Little research has focused specifically on the role of alcohol in football hooliganism. This is because it has been considered, at best, a peripheral issue in most studies. Some investigators, however, have recently claimed that drinking can 'aggravate' football violence and have supported calls for further restrictions at football grounds. Little evidence has been provided to support their claims.

Proposals for Europe-wide restrictions on the availability of alcohol at football games have recently been made by the European Parliament, although the legal status of such proposals is currently unclear. Such an approach, however, ignores the wide cross-national variations in the consumption of alcohol by football fans and its apparent effects.
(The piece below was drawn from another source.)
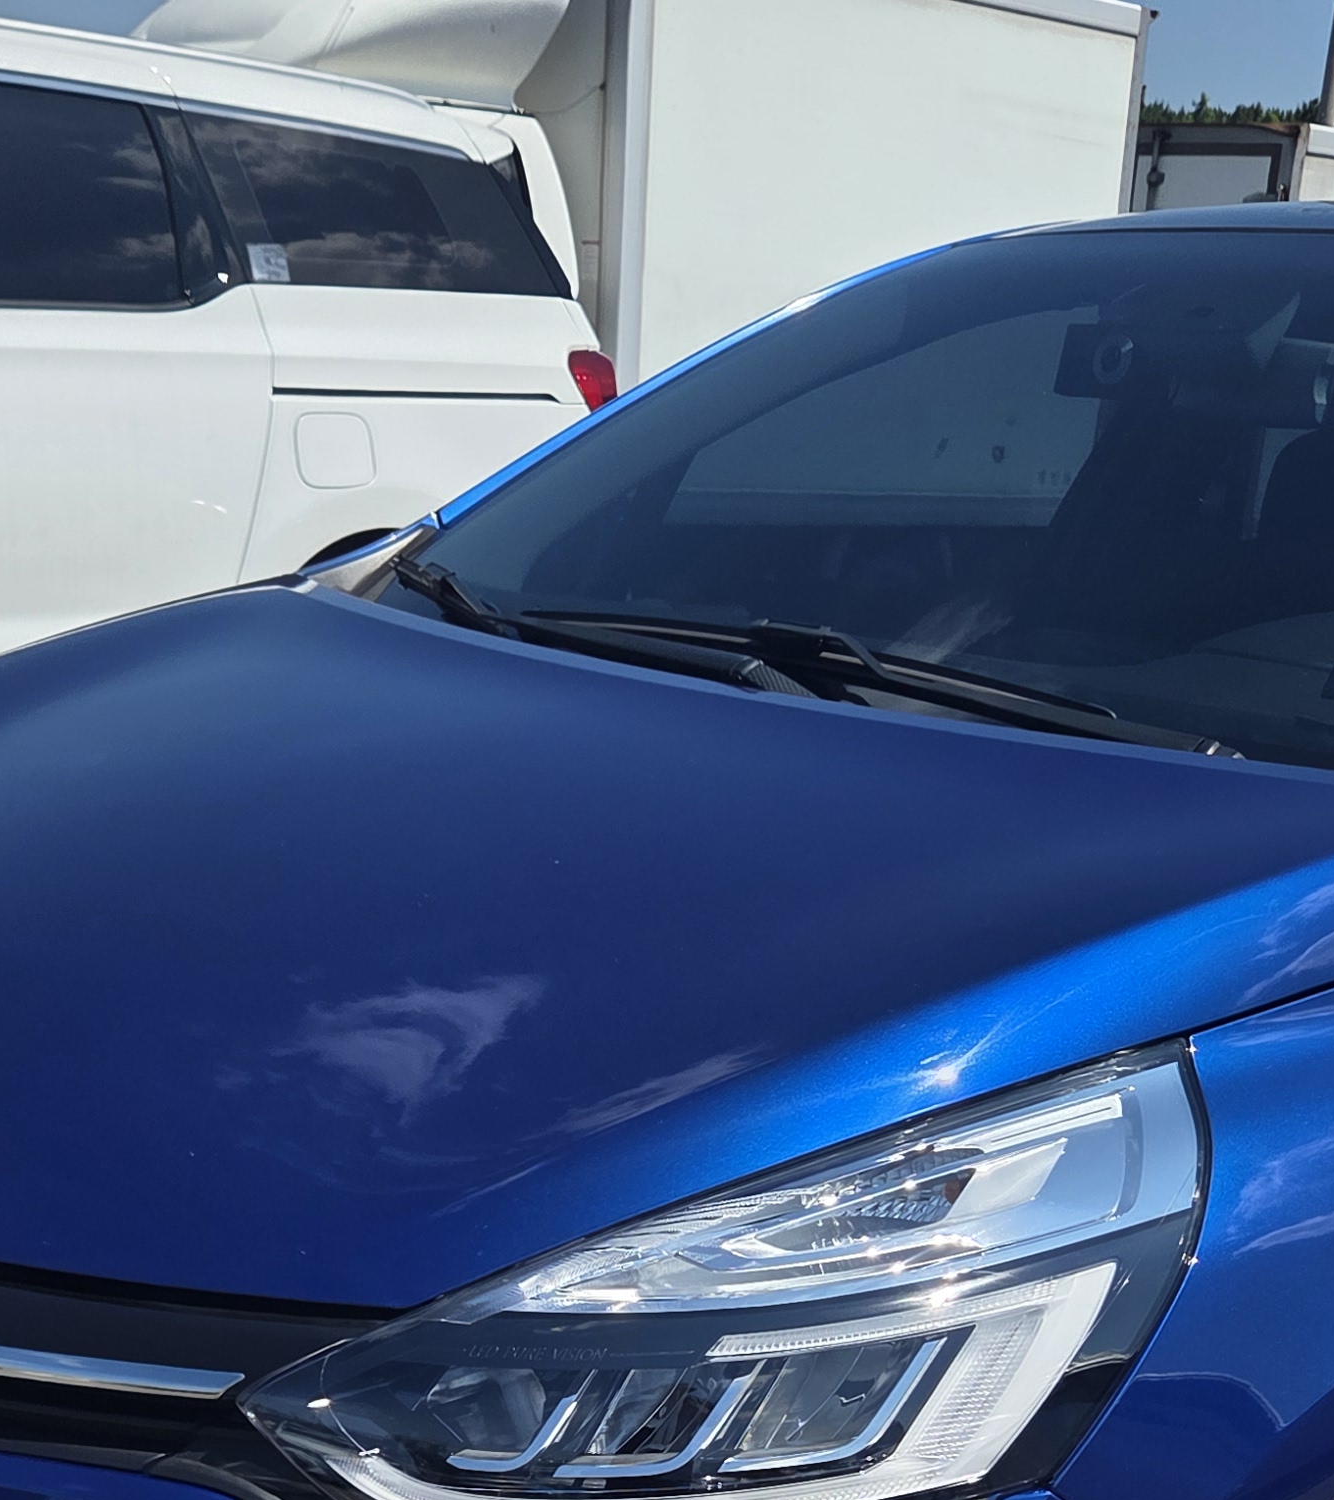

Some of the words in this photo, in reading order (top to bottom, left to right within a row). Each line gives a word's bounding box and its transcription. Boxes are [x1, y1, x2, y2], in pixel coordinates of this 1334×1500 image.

The case of Scottish fans, whose behaviour has changed markedly for the better over the past 10 years, despite continuing patterns of 'heavy' drinking, is considered in some detail. It is clear that alcohol-related behaviours are not immutable and can change in relatively short periods of time.

The example of the Danish Roligans is also considered. These have drinking patterns very similar to those of English fans, put present few problems to the authorities. Drunkenness among the Danish fans is typically accompanied by good humour and positive sociability.

Other groups of fans, such as the Italian Ultras, rarely drink to excess when attending football matches and the role of alcohol in football violence in that country is thought to be completely insignificant.

Attention is given to a study in the United States which suggests that restrictions on the availability of alcohol at certain times may lead to increased problems due to 'compensatory' drinking at higher levels in the periods immediately before and after the restricted period.

It is concluded that restrictions on fans' drinking will have little impact on levels of hooliganism and, in some cases, may be counter-productive. Future research should be directed towards the modification of alcohol-related behaviours.

Tackling football violence

The approach taken by the British authorities to reducing football hooliganism has been largely reactive - increasingly sophisticated policing, surveillance and monitoring techniques, segregation of fans, restrictions on alcohol etc. The British Government has also introduced specific legislation to cover acts of 'hooliganism'.

While such measures are evident elsewhere in Europe, the German, Dutch and Belgian authorities, in particular, have been more proactive in their approach to the problem. The development of 'fan coaching' schemes appears to have had an impact on levels of violence in certain areas. Such schemes, which involve social workers deployed with groups of fans, provide useful models for other countries.

There is, however, a general lack of initiative from the major football clubs in Europe. While German clubs are involved to an extent in the fan coaching schemes, elsewhere there is little contact between club officials and the fan groups. It is suggested that local 'fan's forums', which allow genuine dialogue between officials and supporters, may help to reduce some of the problems.